EP91 キューブを浮かせる。
そういえば、キューブを浮かせるってどういうイメージなんだろうか。
俺は一つキューブを取り出し、まじまじと眺めた。
とりあえず……天力を込めてみるか。
キューブをギュッと握りしめると、内部から強烈な光が溢れ出す。
直視できないほどの眩しさで、闇に沈んだ拠点を一瞬で昼間のように照らし出した。
「おお……これがあれば松明はいらないな」
冗談交じりに呟きながらも、しばらく様子を見守る。
しかし、浮遊の気配はまるでない。
試しにそのまま掌からこぼしてみると――カラン、と地面に落下してしまった。
「……なるほど。力を入れるだけじゃ駄目か」
眩く光るキューブを観察していると、妙な違和感に気づいた。
天力を込めても、光として絶えず漏れ出している……。まるで、穴の空いたバケツのように。
これでは浮かぶどころか、ただ消耗していくだけだ。
「雑に注ぐんじゃなく……覆うように……」
意識を切り替え、天力でキューブを包み込むようにしてみる。
すると、今度は先ほどのような強烈な発光はなくなり、淡い残光がふわりと表面を漂う程度に収まった。
――これは……。
表現が難しいが、今はっきりと「つながっている」感覚があった。
再び掌を傾け、キューブをこぼしてみる。
すると……。
――ポトリ。
通常ならカランと落ちるはずのそれが、水の中に落ちたようにゆっくりと沈んでいったのだ。
「……おお。これは、正解に近い気がする!」
小さくガッツポーズを決めたところで、制作装置の完成音が鳴った。
完成リストにストーンソードと明記されており、タップするとストーンソードが目の前に出現した。
「よし、まずはこれで……」
武器を手に取り、その重みを確かめながら小さく息を吐いた。
ストーンソード。
石の刀身に木の柄をつけただけの、まさに原始的な剣。
キューブに収納すると、その名と簡素な説明文が登録された。
「……スキル表記がない?」
思わず眉をひそめる。
ローカル世界の装備には必ず【S0】や【S1】といった識別番号が頭につき、どんなスキルを持つか一目で分かった。
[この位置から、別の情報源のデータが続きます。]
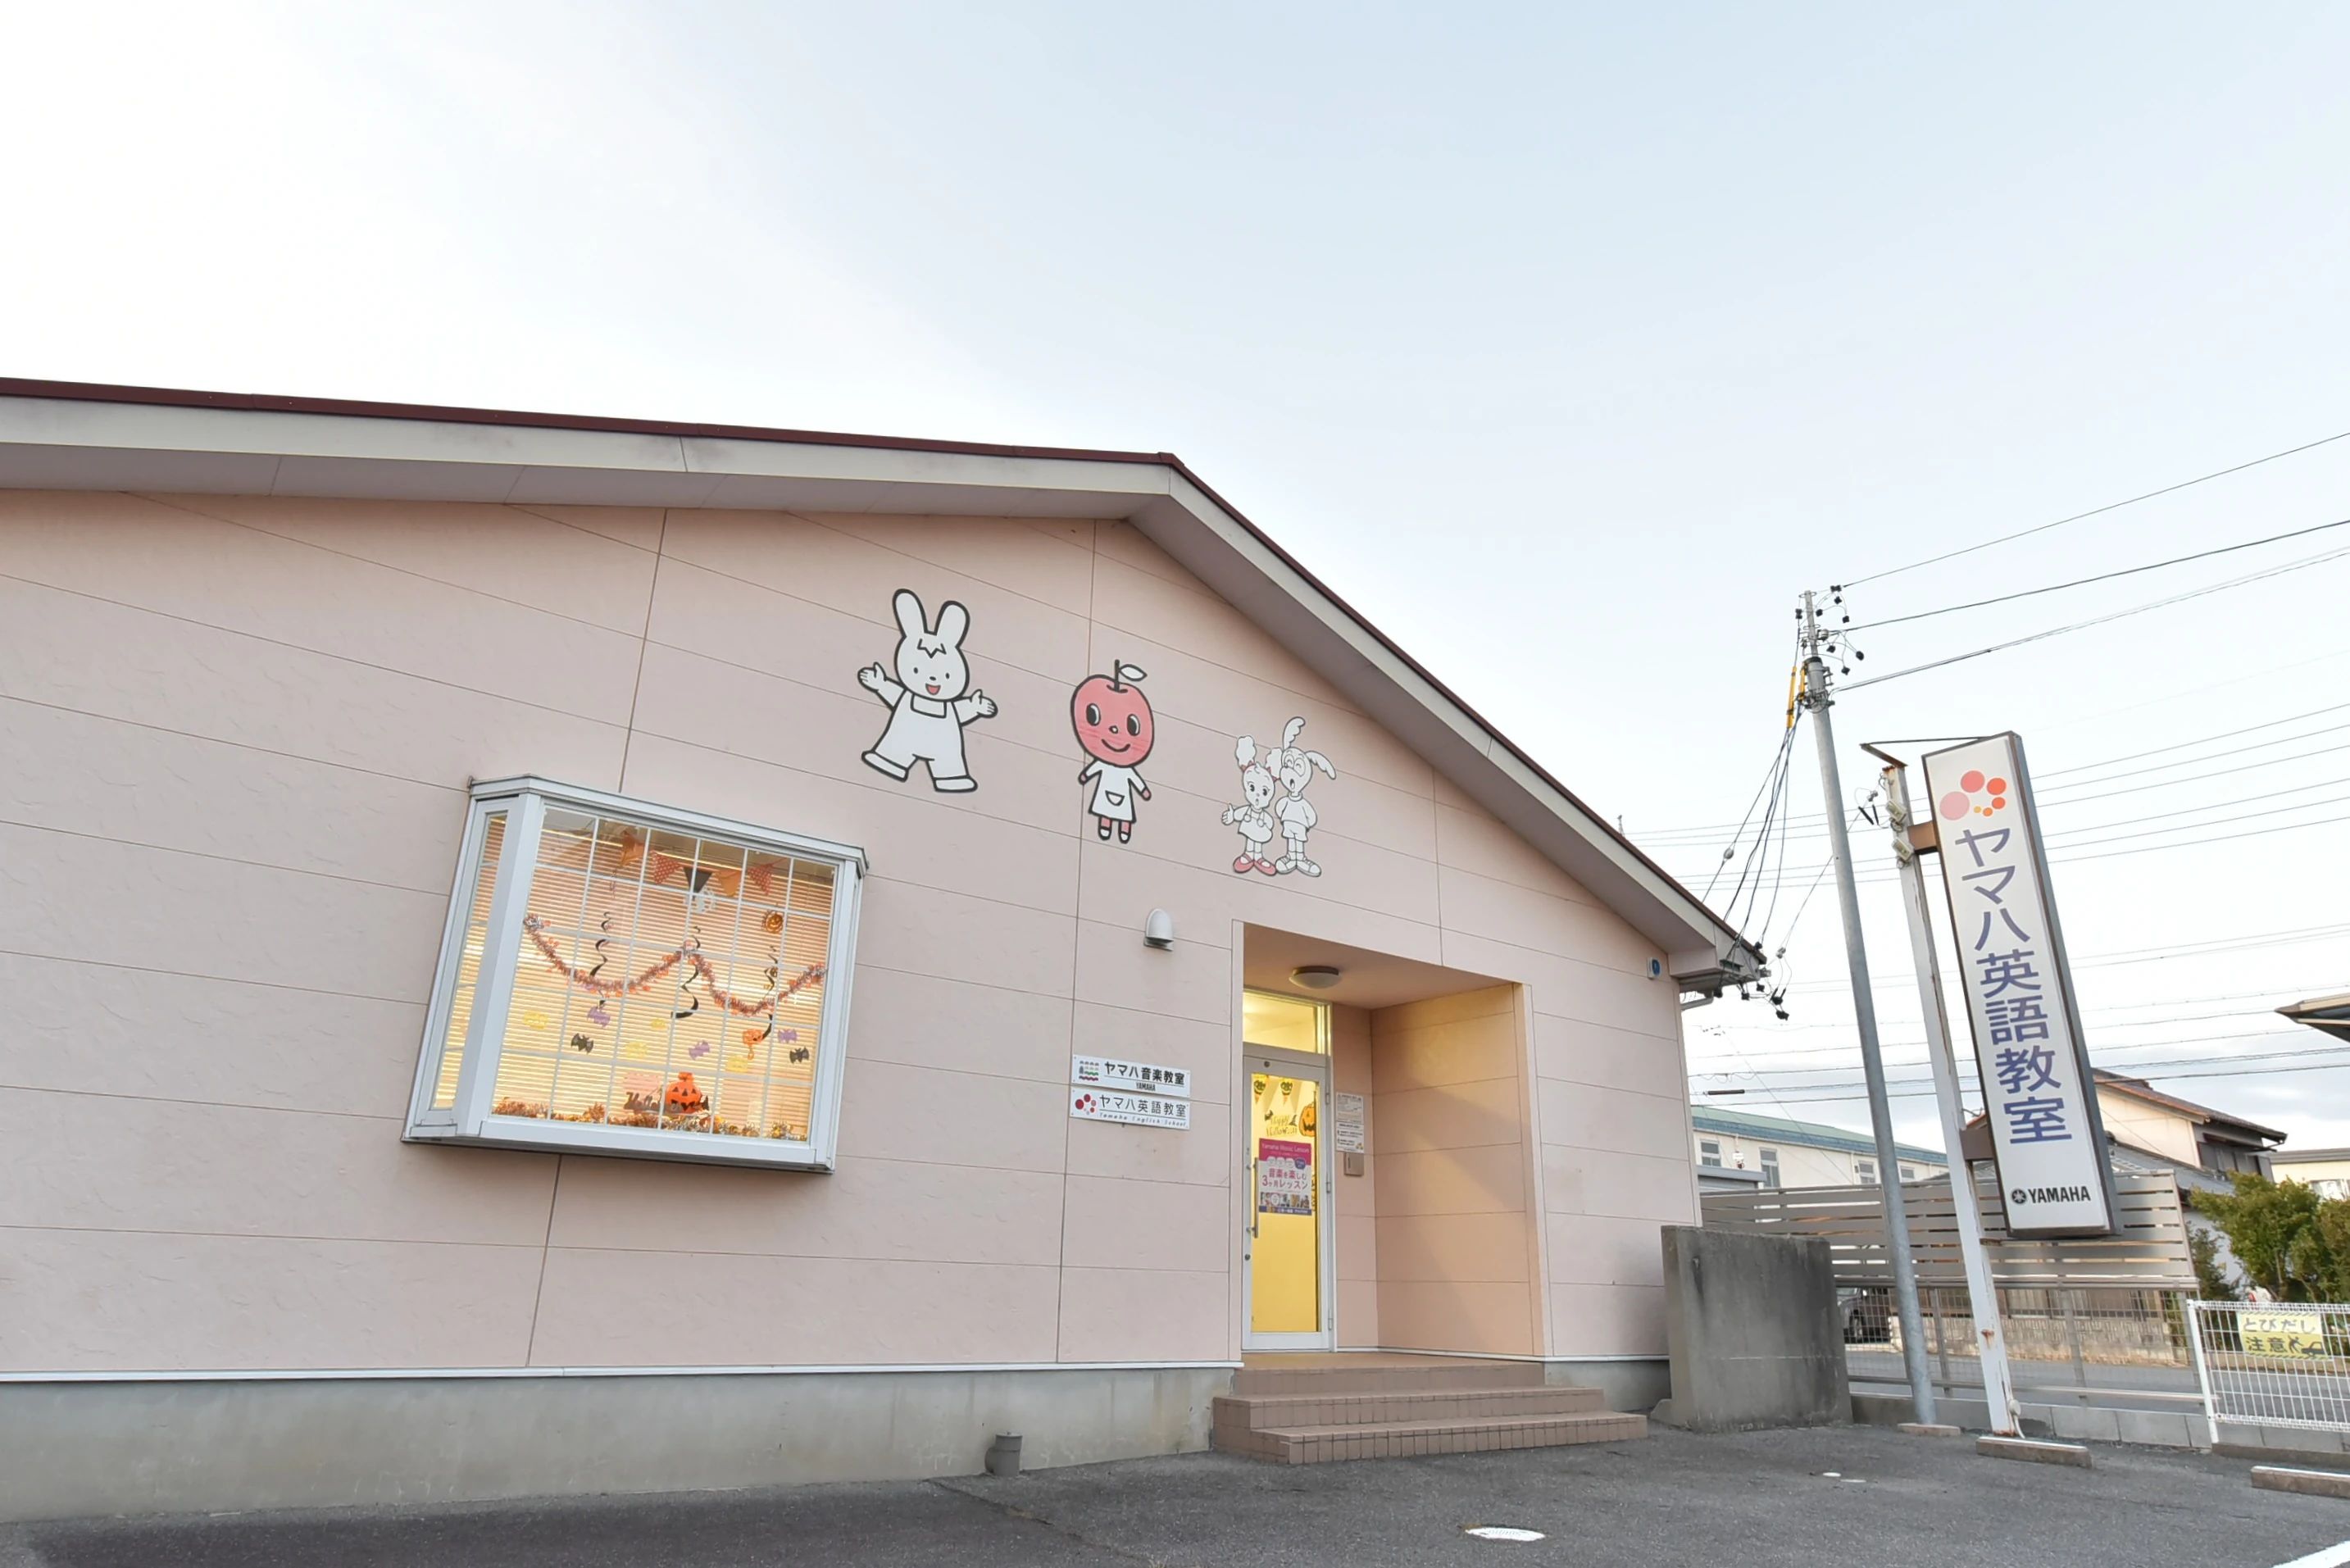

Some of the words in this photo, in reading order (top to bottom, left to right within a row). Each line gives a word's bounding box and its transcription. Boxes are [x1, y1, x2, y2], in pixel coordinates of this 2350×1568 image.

[1955, 827, 2072, 1144] ヤマハ英語教室
[1105, 1061, 1184, 1085] ヤマハ音楽教室
[1136, 1082, 1156, 1092] YAMAHA
[1099, 1095, 1186, 1117] ヤマハ英語教室
[2028, 1185, 2091, 1204] YAMAHA
[2243, 1317, 2316, 1334] とびだし
[2245, 1336, 2288, 1353] 注意
だが、ここではただの名称と説明だけ。スキルの文字はどこにもない。
「……そもそも、スキルが存在しない世界なのか?」
一抹の不安を抱えつつも、ストーンソードを取り出してみる。
特別な装飾もない、石と木で出来た簡素な剣だ。
試しに近くの大木へと一振り――。
ザンッ!
刃はそれなりに食い込んだが、その代償に石の刀身はすでに摩耗していた。
その瞬間、視界に文字が浮かび上がる。
――【思考を巡らせ、石の剣を使えるものにせよ】
「……なるほど」
すぐにピンと来た。
意識を集中し、自らの天力を剣に纏わせる。
再び大木へ振り下ろすと――。
バンッ!!
銃声のような轟音が響き、目の前の巨木が真っ二つに両断されていた。
続いて【任務完了】の文字が浮かび、静かに消えていく。
「……ふぅ。やっぱりな」
感覚そのものはまだ掴み切れていない。
だが、技や力の“応用”という概念は理解できる。
――根底にあるのは地球で培った知識。
漫画やゲーム、そうしたエンタメの中で当たり前に描かれていた「力を纏わせる」という発想。
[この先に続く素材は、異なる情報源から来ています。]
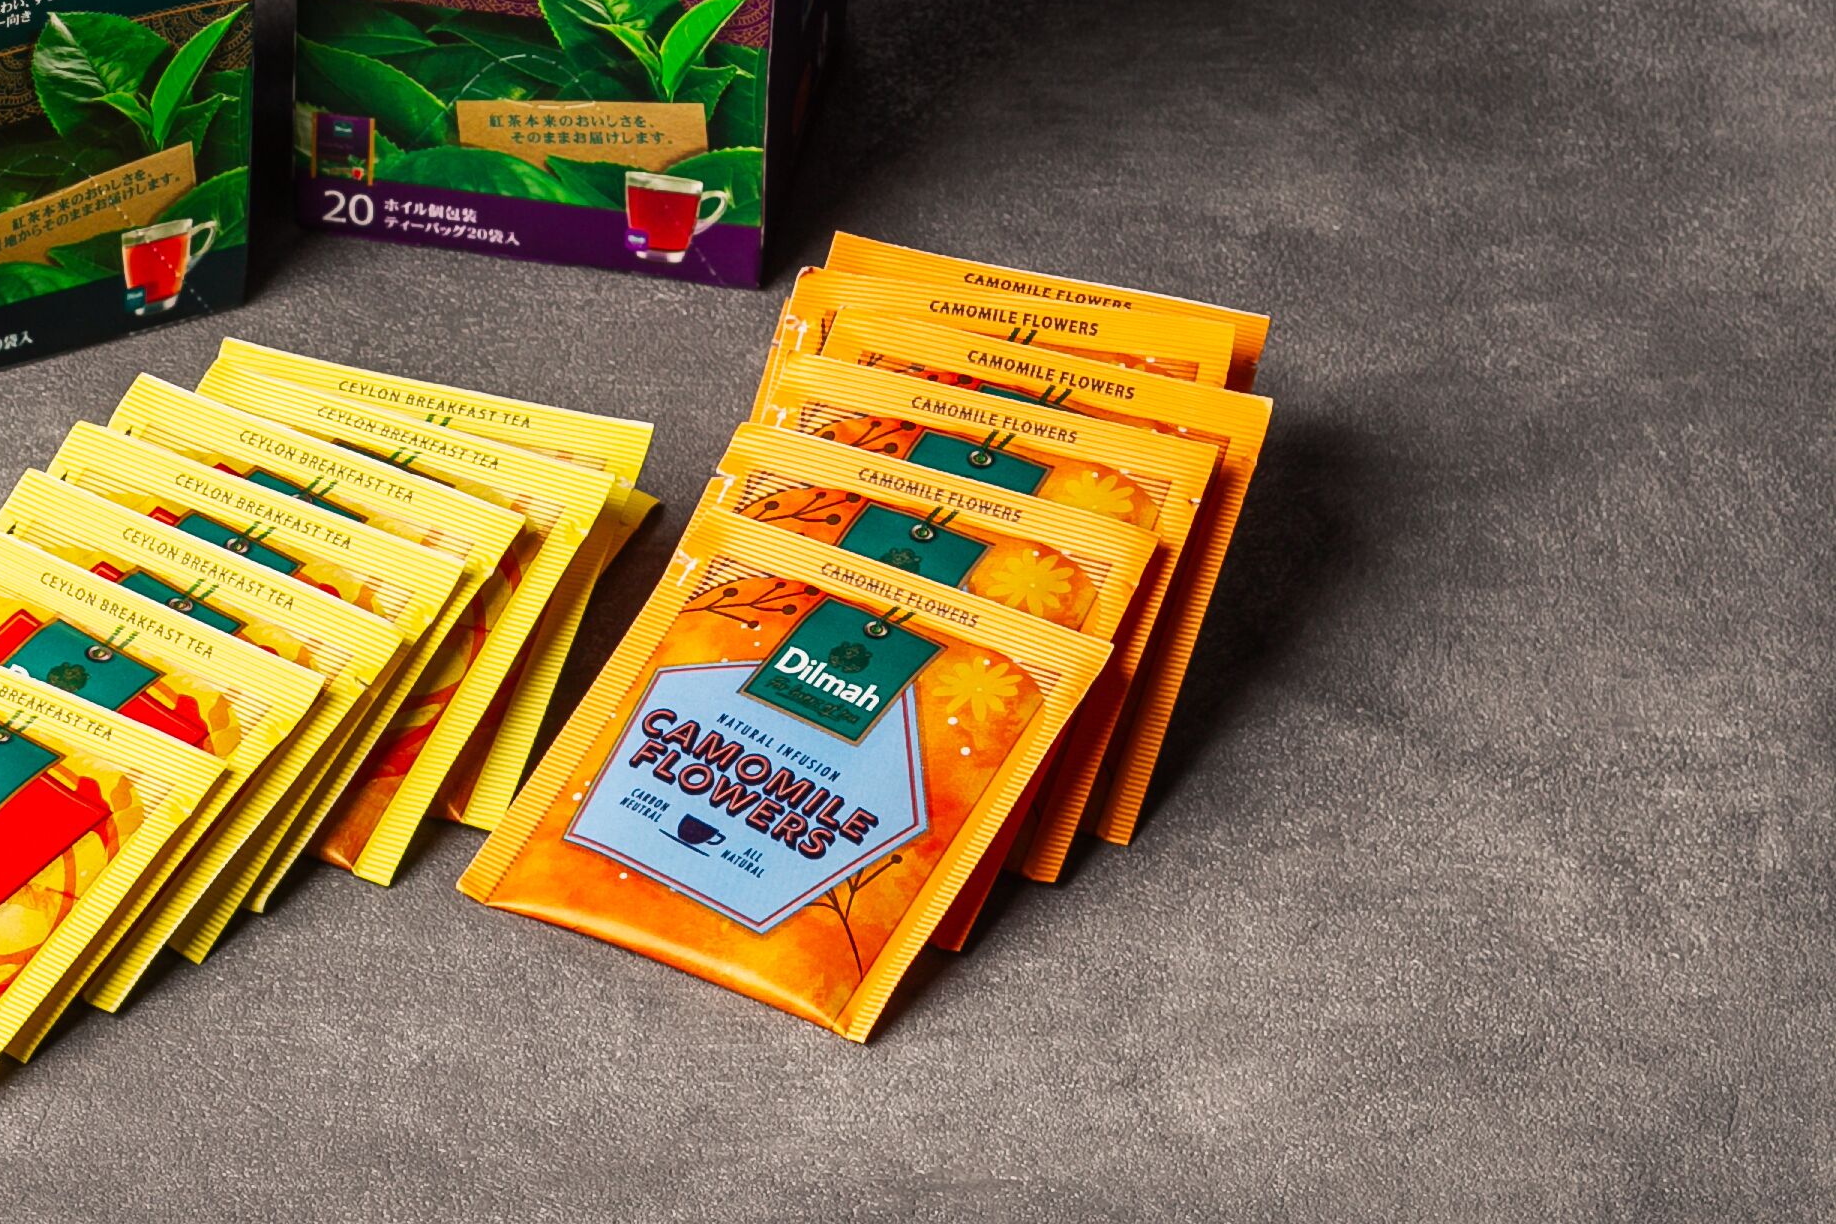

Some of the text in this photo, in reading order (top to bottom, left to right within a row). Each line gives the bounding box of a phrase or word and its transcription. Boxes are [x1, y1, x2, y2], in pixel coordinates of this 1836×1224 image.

[510, 129, 674, 147] そのままお届けします。
[322, 190, 375, 226] 20
[383, 197, 478, 223] ホイル個包装
[964, 272, 1052, 299] CAMOMILE
[929, 300, 1099, 337] CAMOMILE FLOWERS
[967, 349, 1136, 400] CAMOMILE FLOWERS
[337, 379, 532, 430] CEYLON BREAKFAST TEA
[911, 396, 1078, 444] CAMOMILE FLOWERS
[317, 405, 500, 471] CEYLON BREAKFAST TEA
[239, 429, 414, 505] CEYLON BREAKFAST TEA
[174, 473, 352, 551] CEYLON BREAKFAST TEA
[858, 467, 1023, 523] CAMOMILE FLOWERS
[121, 527, 295, 612] CEYLON BREAKFAST TEA
[820, 561, 981, 628] CAMOMILE FLOWERS
[39, 571, 215, 661] CEYLON BREAKFAST TEA
[774, 646, 880, 712] Dilmah
[83, 719, 114, 742] TEA
[716, 712, 841, 783] NATURAL INFUSION
[628, 738, 837, 861] FLOWERS
[630, 787, 671, 812] CARBON
[641, 707, 880, 847] CAMOMILE
[619, 796, 663, 824] NEUTRAL
[720, 848, 765, 880] NATURAL
[742, 846, 764, 863] ALL
非現実の産物にすぎないが、俺にとっては見慣れた“前例”だ。
以前、キューイが俺の発想力に驚いていたことがある。
あれもこうした知識の積み重ねがあるからだろう。
本来なら「ストーンソードを天力で纏う」という結論に至るまでに、もっと膨大な時間を要したはずだ。
その思考時間を大幅に短縮できるのは、他の種族と比べ大きなアドバンテージに違いない。
「……よし、これである程度の魔物には対処できるな」
いくつかストーンソードを作り、キューブに収納しておく。
準備を整えた俺は、次なる冒険へ向けて静かに息を整えた。